Chautauqua Hurricane
- Founded: 2013; 13 years ago
- Folded: 2022; 4 years ago
- League: PBL 2013–2017, 2022 NABL 2018–2019
- Team history: Erie Hurricane 2013–2015 Chautauqua Hurricane 2015–2022
- Based in: Erie, Pennsylvania 2013–2015 Dunkirk, New York 2015–2022
- Arena: East High School 2013–2015 Dunkirk High School 2015–2022
- Colors: Violet, black, white
- Owner: Tawan Slaughter 2013–2016 Sixto Rosario 2016–2022
- Head coach: Cory Coleman 2013–2014 Steve Mackey 2014–2015 2021–2022 Jerome Moss 2015–2020
- Championships: 1 (2020)
- Playoff berths: 2 (2019, 2021)

= Chautauqua Hurricane =

Basketball team in Pennsylvania and New York, 2013–2022

The Chautauqua Hurricane were a basketball team in both the Premier Basketball League (PBL) and North American Basketball League (NABL). The team originally was based in Erie, Pennsylvania and competed as the Erie Hurricane before relocating to Dunkirk, New York in 2015.

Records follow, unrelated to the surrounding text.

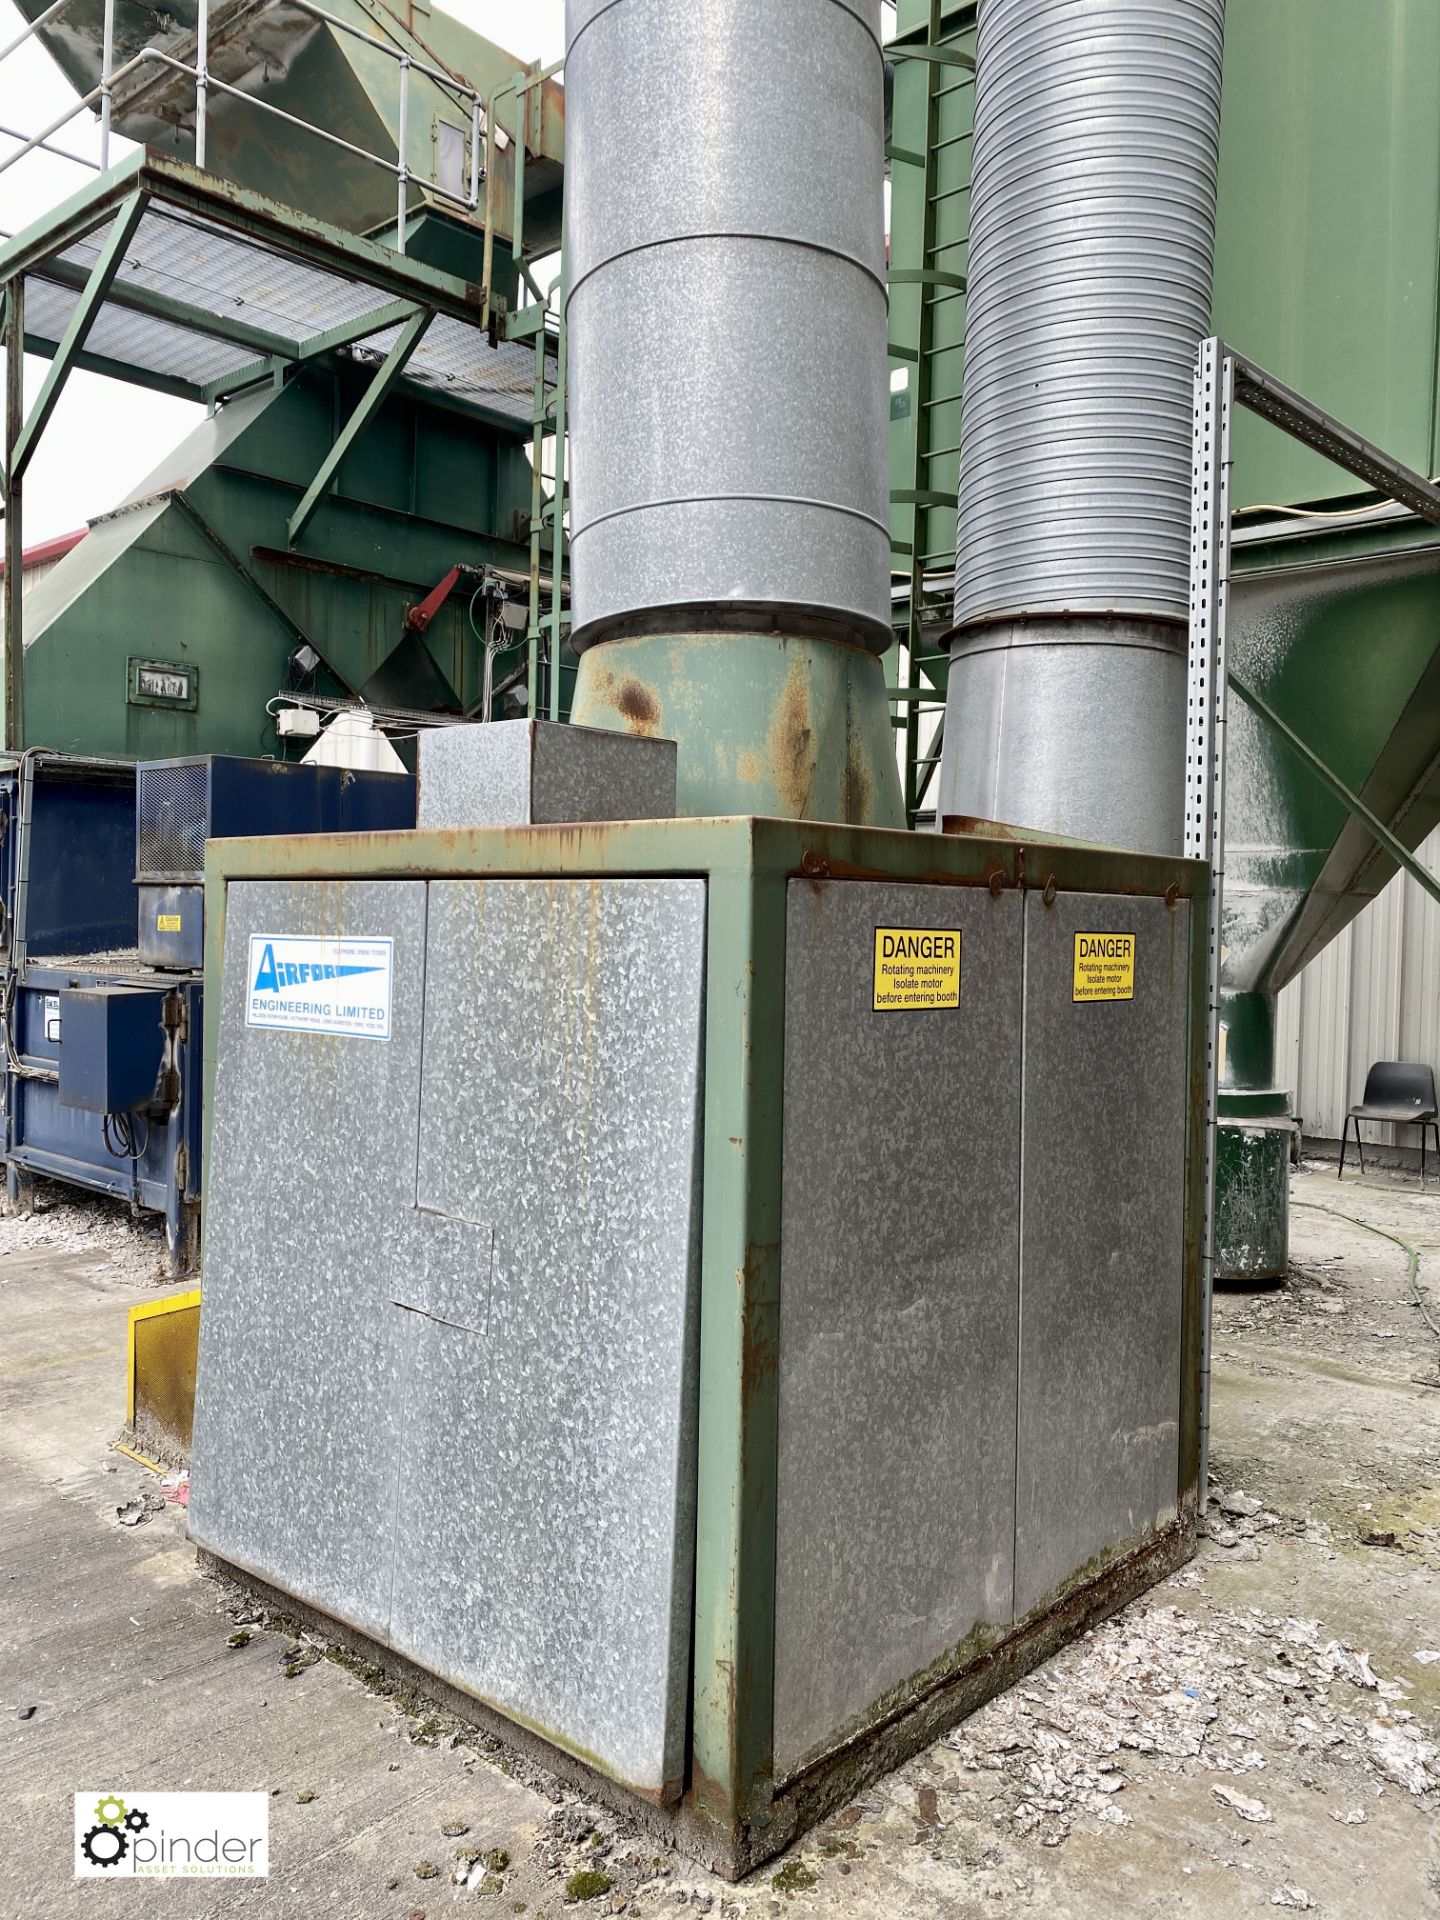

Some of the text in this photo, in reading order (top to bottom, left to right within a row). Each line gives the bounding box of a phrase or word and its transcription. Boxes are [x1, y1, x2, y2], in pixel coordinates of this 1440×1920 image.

[882, 935, 955, 959] DANGER
[1079, 938, 1131, 958] DANGER
[881, 963, 955, 977] Rotating machinery
[1078, 962, 1130, 974] Rotating machinery
[893, 978, 943, 989] Isolate motor
[1087, 974, 1122, 984] Isolate motor
[876, 990, 957, 1005] before entering booth
[1075, 984, 1132, 997] before entering booth
[252, 998, 384, 1020] ENGINEERING LIMITED

After their 2019–20 season ended prematurely due to the COVID-19 pandemic, the team was declared PBL Champions.

The franchise suspended operations following the 2021–22 PBL season.

==History==

===2013–2015: Erie Hurricane===
The Erie Hurricane were founded in 2013 by Buffalo 716ers owner Tawan Slaughter as a member of the Premiere Basketball League (PBL). They played their games at East High School in Erie, Pennsylvania.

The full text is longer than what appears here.